It may not be out of place here to mention that the Supreme Court has had the occasion to examine the nature of software in a slightly different context, when it was called on (in Tata Consultancy Services v. State of Andhra Pradesh, 271 ITR 401, hereinafter referred to as ‘TCS v. AP’) to decide whether branded software amounts to “goods” for the purposes of sales tax legislation. The Court, in the course of examining this question, referred to several American judgments and stated, “It has been held that by sale of the software programme the incorporeal right to the software is not transferred.
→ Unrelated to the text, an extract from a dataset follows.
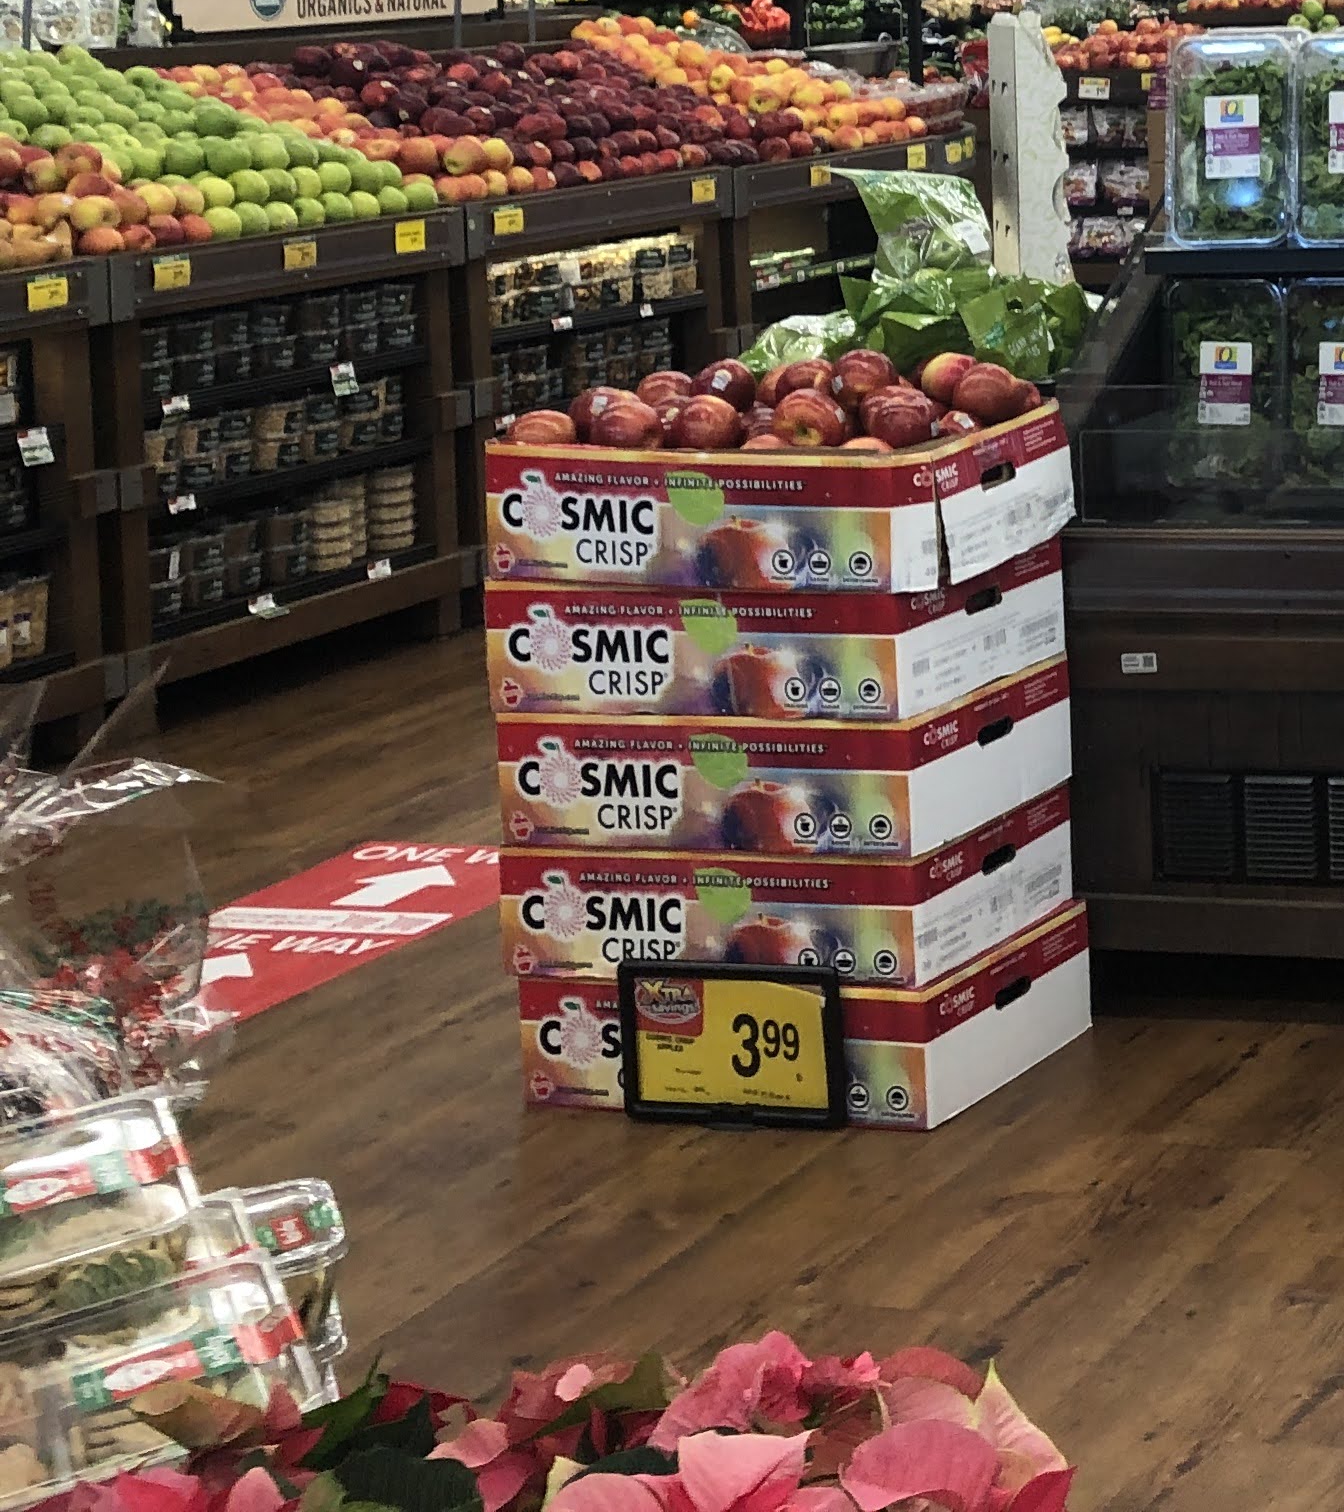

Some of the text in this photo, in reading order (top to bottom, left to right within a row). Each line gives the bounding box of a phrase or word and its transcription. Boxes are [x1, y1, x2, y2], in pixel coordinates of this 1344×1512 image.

It is held that the incorporeal right to software is the copyright which remains with the originator. What is sold is a copy of the software. It is held that the original copyright version is not the one which operates the computer of the customer but the physical copy of that software which has been transferred to the buyer. It has been held that when one buys a copy of a copyrighted novel in a bookstore or recording of a copyrighted song in a record store, one only acquires ownership of that particular copy of the novel or song but not the intellectual property in the novel or song… A software programme may consist of various commands which enable the computer to perform a designated task. The copyright in that programme may remain with the originator of the programme. But the moment copies are made and marketed, it becomes goods, which are susceptible to sales tax…”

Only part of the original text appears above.